Everything in the entries below must be reproduced exactly, except the images.

-- Opening Marker --

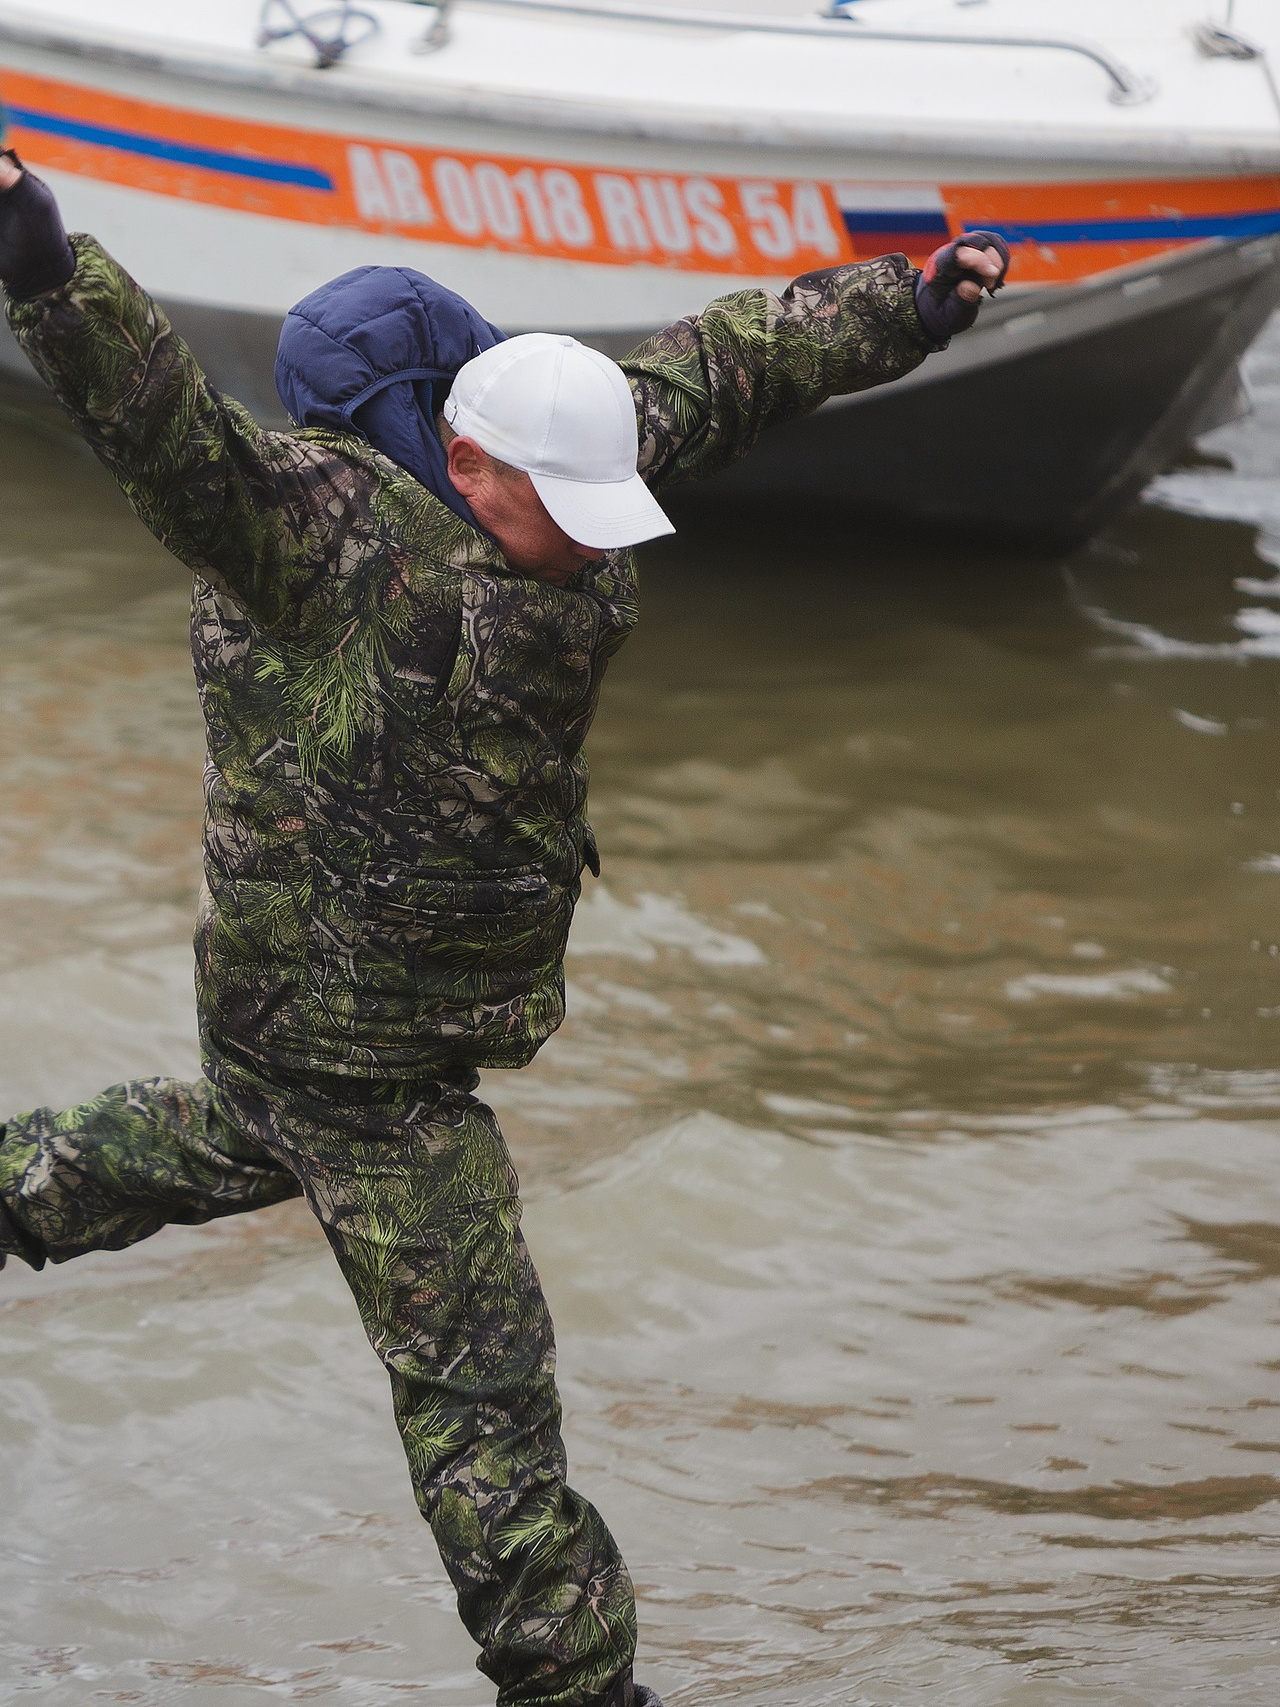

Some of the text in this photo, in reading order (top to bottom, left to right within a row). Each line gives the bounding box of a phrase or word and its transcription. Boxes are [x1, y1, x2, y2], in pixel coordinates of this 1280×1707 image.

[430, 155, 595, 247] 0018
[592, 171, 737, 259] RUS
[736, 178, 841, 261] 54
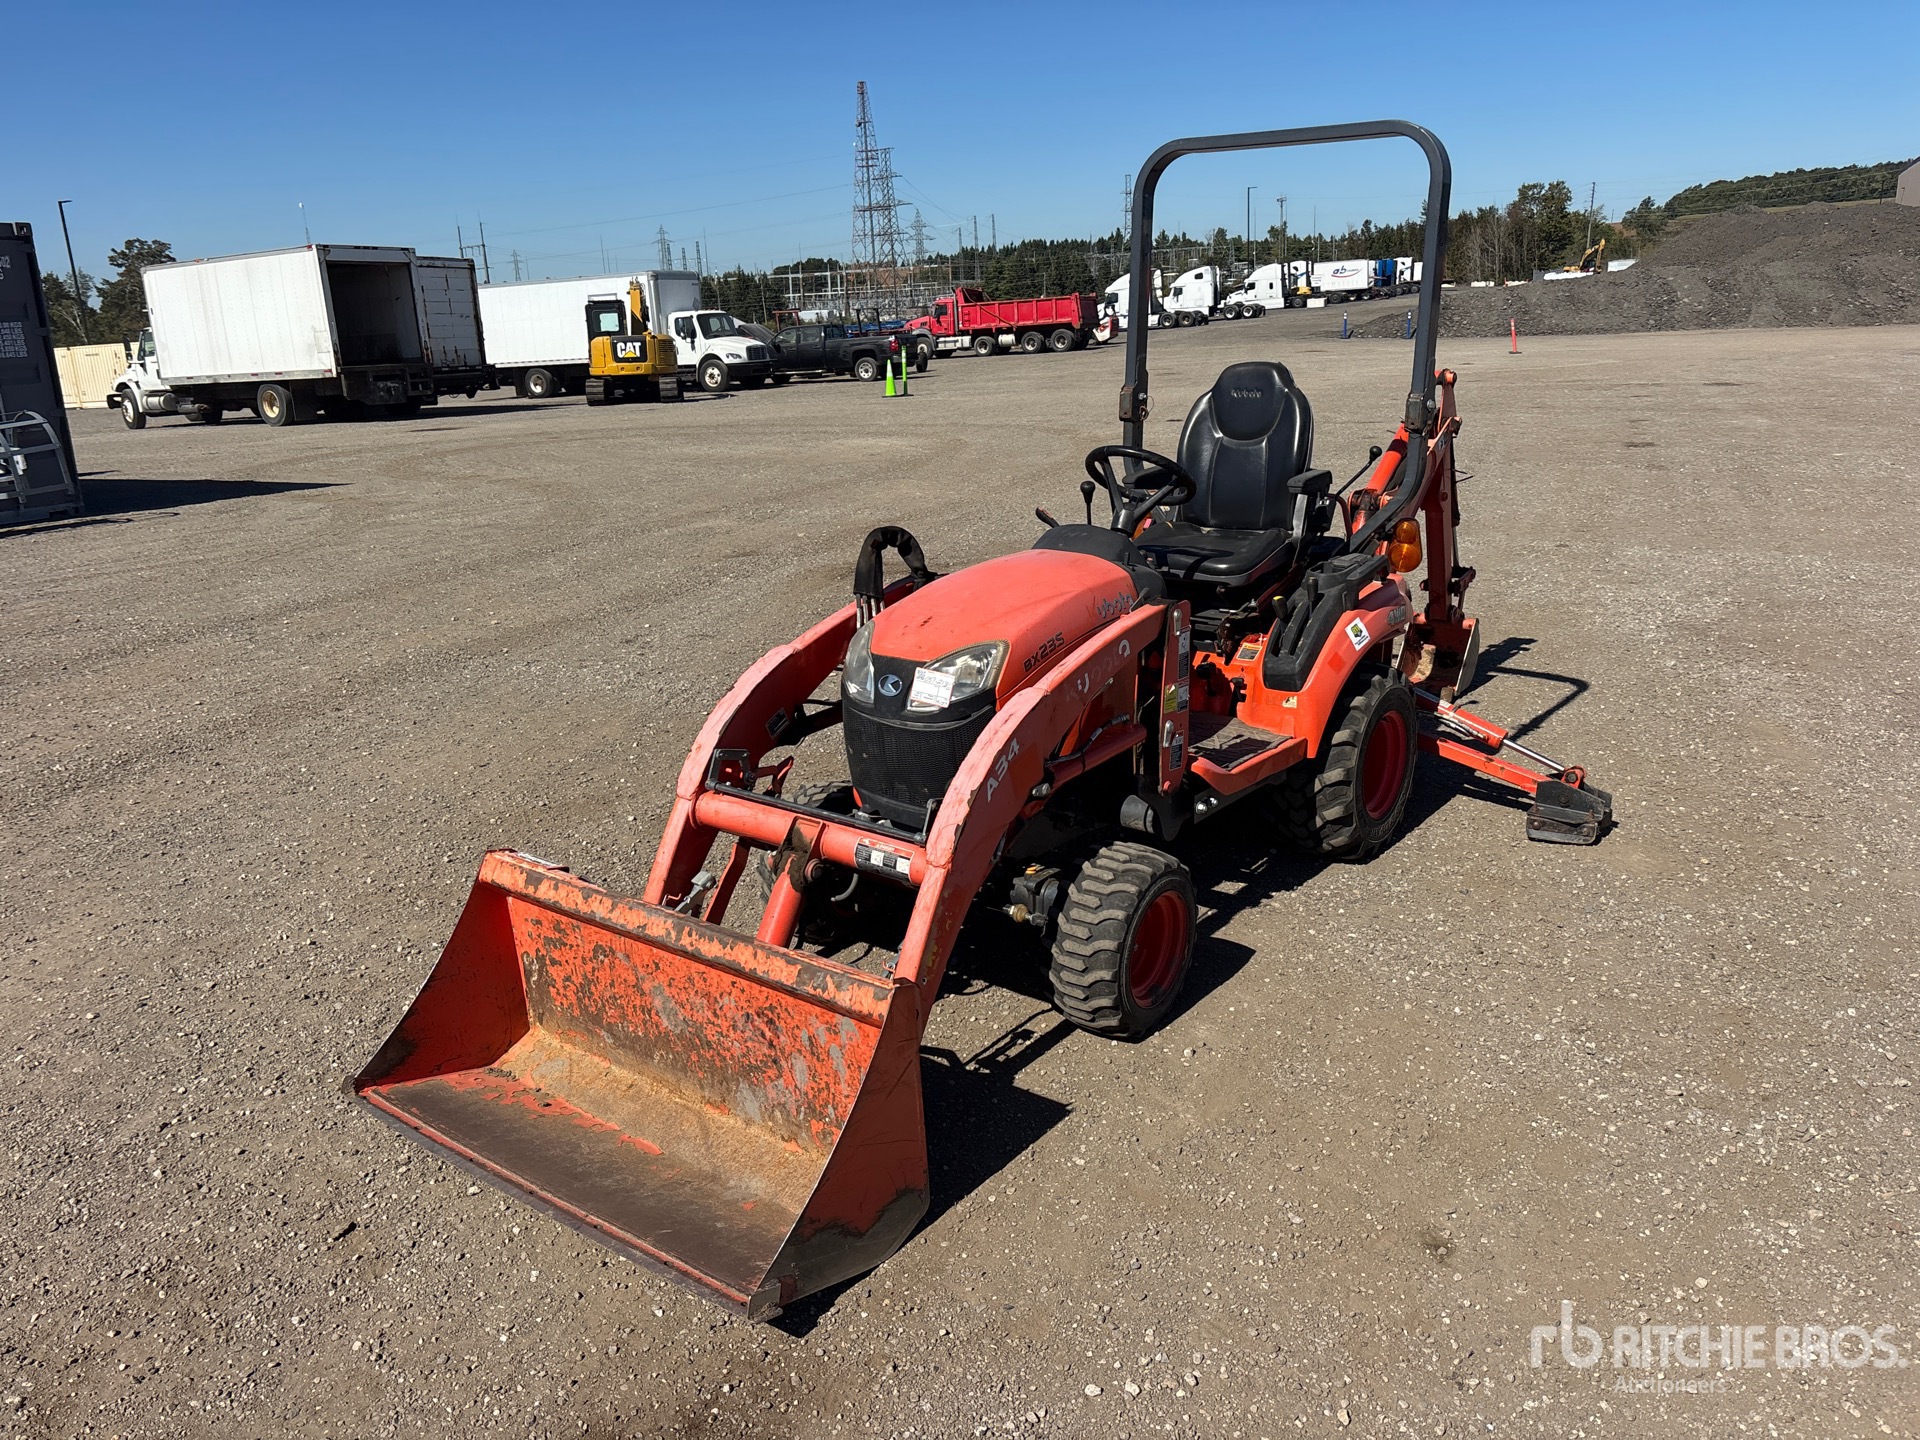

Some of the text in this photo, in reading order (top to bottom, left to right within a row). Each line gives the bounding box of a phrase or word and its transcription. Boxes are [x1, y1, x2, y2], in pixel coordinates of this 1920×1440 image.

-- Closing Marker --

- Response -
Some of the text in this photo, in reading order (top to bottom, left to right within a row). Each line gives the bounding box of a phrase or word and its transcription. Boxes are [x1, y1, x2, y2], in pixel coordinates of this 1280×1707 image.

[430, 155, 595, 247] 0018
[592, 171, 737, 259] RUS
[736, 178, 841, 261] 54

Some of the text in this photo, in reading order (top to bottom, left to right within a row). Each line gives the bounding box of a phrase or word and its transcription. Boxes are [x1, y1, x2, y2], in pixel coordinates of this 1920×1440 image.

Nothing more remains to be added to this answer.